I hate being talked to and treated like an irresponsible teenager, I'm an adult, maybe I'm not in my 40's but I've lived a life that alot of people wouldn't have been able to handle, I had to deal with alot of grown up situations when I was a child. I've been through more than my goofy exterior might lead you to believe and I deserve and demand respect, especially when I always try to give it. (yes I said try, because we all slip and say or do things that are disrespectful, and I always try to respect peoples thoughts and opinions)
I have a beautiful mind when Im not talking about what's in my mind. I wish I could project the images in my head onto a screen so people could see the beauty that I see.
I will strive to find the unique qualities that make something, or someone beautiful.

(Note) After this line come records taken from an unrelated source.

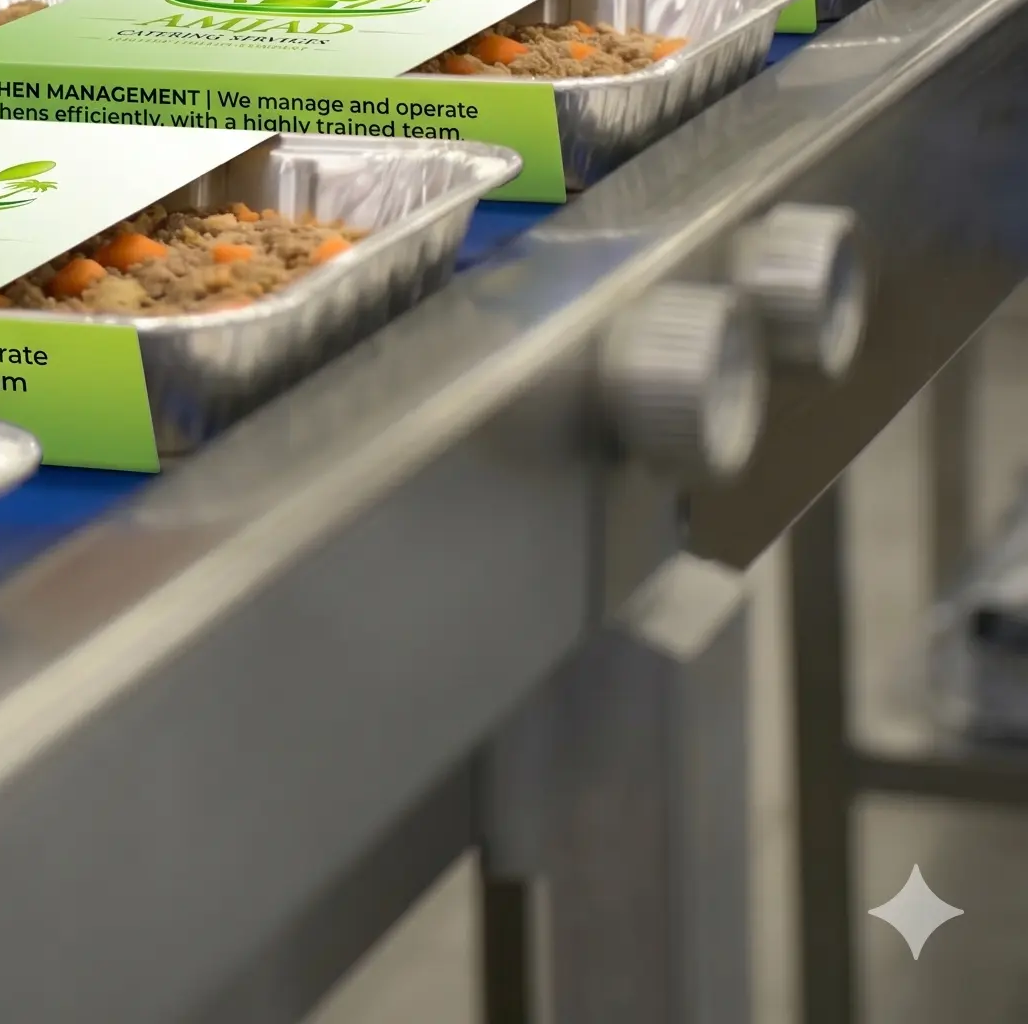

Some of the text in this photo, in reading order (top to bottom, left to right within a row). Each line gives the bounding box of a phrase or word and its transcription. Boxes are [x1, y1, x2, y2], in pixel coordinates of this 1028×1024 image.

[134, 13, 354, 35] AMJAD
[47, 84, 200, 107] MANAGEMENT
[218, 91, 251, 109] We
[258, 95, 344, 115] manage
[350, 98, 389, 115] and
[396, 102, 479, 120] operate
[170, 111, 218, 129] with
[225, 116, 237, 130] a
[244, 114, 310, 135] highly
[316, 119, 395, 139] trained

I don't understand why people are afraid of labels or moving too quickly. I figure get it over with. For instance: If you have first date, and you hit it off, your laughing, your holding hands, your kissing, you feel amazing....whats so scary about saying "hey this is amazing, you are amazing, lets become an item."
Why is that scary. I mean if someone went out with me, and we were totally into each other, and the next day he said " I want to be your boyfriend" I would think that that is adorable and sweet, not crazy and moving too quick. I would also say yes and then call my peeps and be like " I GOTTA BOOOOOYFRIEND I GOTTA BOOOOOOOYFRIEND"
And the Label of "boyfriend" or "girlfriend." Get over it, its a word. "Oh but I dont like the label" Get over it. Stop trying to be "deep" a label isnt a bad thing. If you went to the grocery store cuz you wanted Chili for dinner and there were no labels, you would end up crackin open a can sardines in a chili tomato sauce and wouldnt be very happy. SO PULL YOUR HEAD OUT OF YOUR ASS, its just a word. If anything it's a respectful word. It shows exclusivity and respect to the person you are dating. I know a guy who was with his guy for over 2 years but never referred to each other as boyfriends, because weren't into labels, yet they were completely exclusive, and even lived together. But not boyfriends. LAME.... I am not, nor will I ever be one of those people. I am not afraid of labels, or commitment, or relationships, or dating, or Love....and I never will be.
I dont care what anyone says or thinks, I am a Britney Spears fan. Boom.
I like the word "Idiosyncrasy" even though I rarely if ever use it.
I tend to feel like a loser for most, if not all 24 hours of the day.
Lately, I have been feeling more and more like people aren't laughing with me, as much as they are laughing at me.
Yes, I am a fast driver, and I tend to weave around cars. THIS DOES NOT MAKE ME BAD DRIVER. Get over it. Dont like it, stay the fuck outta my car!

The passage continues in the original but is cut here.